Is this a partition of a sample space?

Suppose I have a random variable $$X: \Omega \longrightarrow R$$. Where $$\Omega$$ is the sample space.

Suppose then that I have another random variable $$Y$$ which is some function of $$X$$, $$Y=f(X)$$.

What is the sample space of $$Y$$? Is it $$\Omega$$ or $$R$$?

If the sample space is still $$\Omega$$ can I also say that $$A_1: X<0 , A_2: X \geq 0$$ is a partition of $$\Omega$$ ?, or is it only a partition of $$R$$ since $$X$$ is real valued?
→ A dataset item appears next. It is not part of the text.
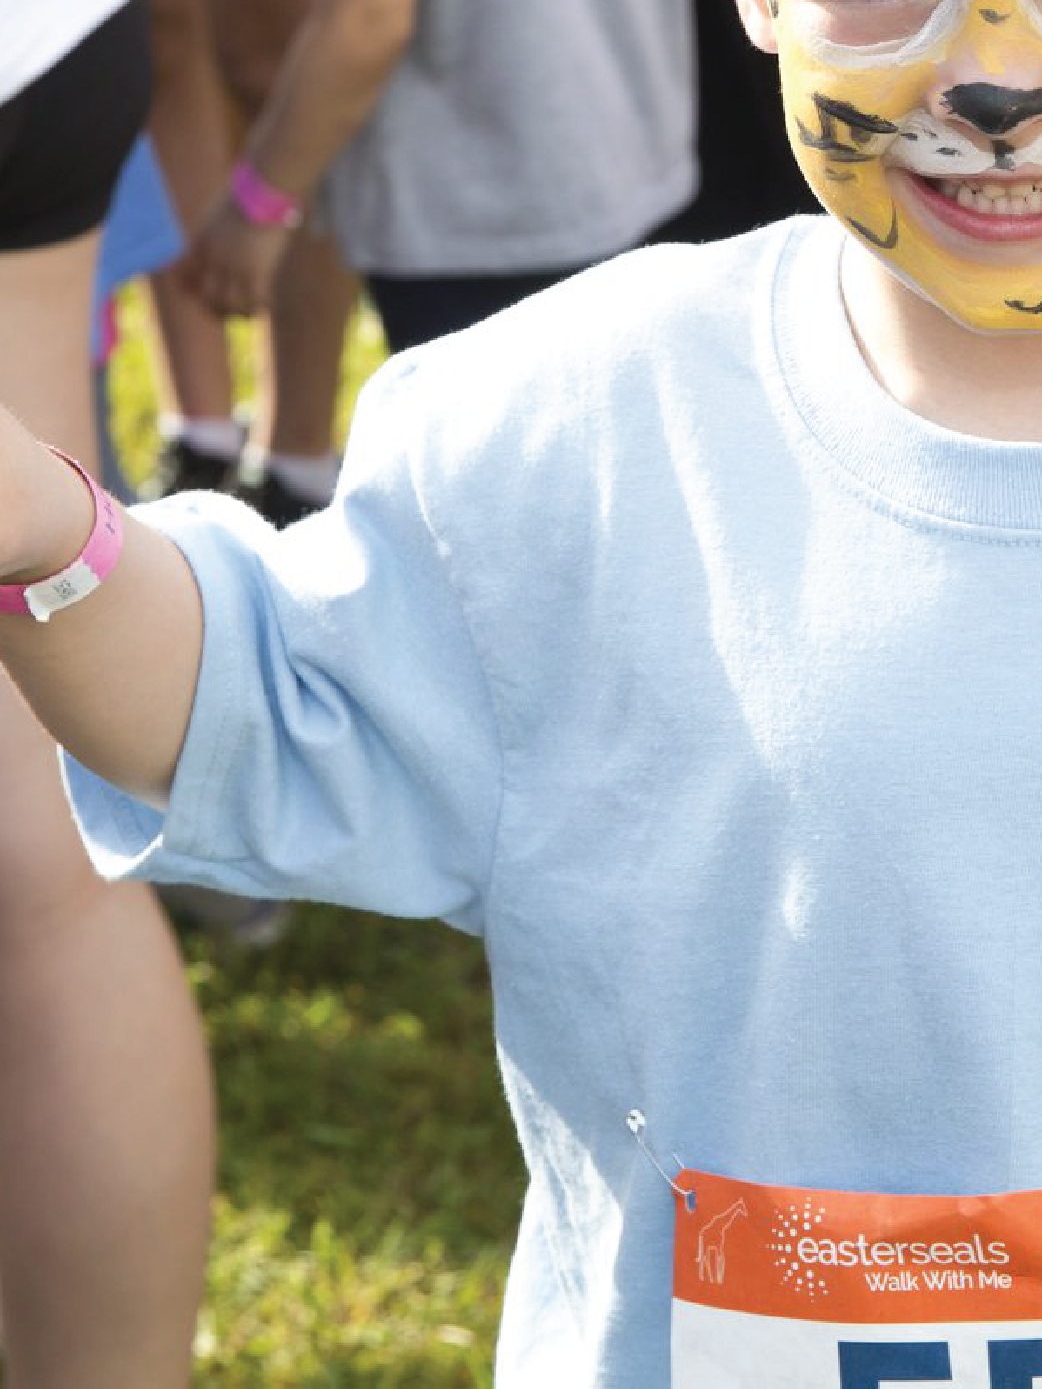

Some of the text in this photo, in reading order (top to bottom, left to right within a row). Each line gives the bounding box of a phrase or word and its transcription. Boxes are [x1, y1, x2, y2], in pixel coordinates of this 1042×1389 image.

[797, 1233, 1010, 1267] easterseals
[865, 1270, 1012, 1292] Walk With Me
I am asking this question because I want to apply the law of total expectations on $$Y$$, i.e. I want to express $$E[Y]$$ as

$$E[Y]=E[Y|X<0]P(X<0) + E[Y|X \geq 0]P(X \geq 0)$$

The sample space is normally still $$\Omega$$ in that $$Y:=f\circ X :\Omega \to \mathbb{R}$$. Furthermore $$A_1$$ and $$A_2$$ are disjoint subsets of $$\Omega$$ in that $$A_1 = (X<0) = X^{-1}((-\infty,0)) = \{\omega\in\Omega: X(\omega)<0\} \subseteq \Omega,$$ and $$A_1 = (X\geq 0) =X^{-1}([0,\infty)) = \{\omega\in\Omega: X(\omega)\geq 0\} \subseteq \Omega,$$ for which it holds that $$A_1\cap A_2 = \{\omega\in\Omega:X(\omega)<0, X(\omega)\geq 0\} = \emptyset.$$ They also cover the entire of our sample space, that is $$A_1 \cup A_2 = \{\omega\in\Omega: X(\omega)\in \mathbb{R}\} = \Omega.$$ Thus this is a partition of $$\Omega$$ if we don't require a partition not to include the empty set. Otherwise you have to include more information about $$X$$ not being strictly negative or non-negative.
To use the formula you use you need $$P(A_1),P(A_2)>0$$, implying that they indeed are non-empty. However given they have positive probability you can indeed use the law of total expectation.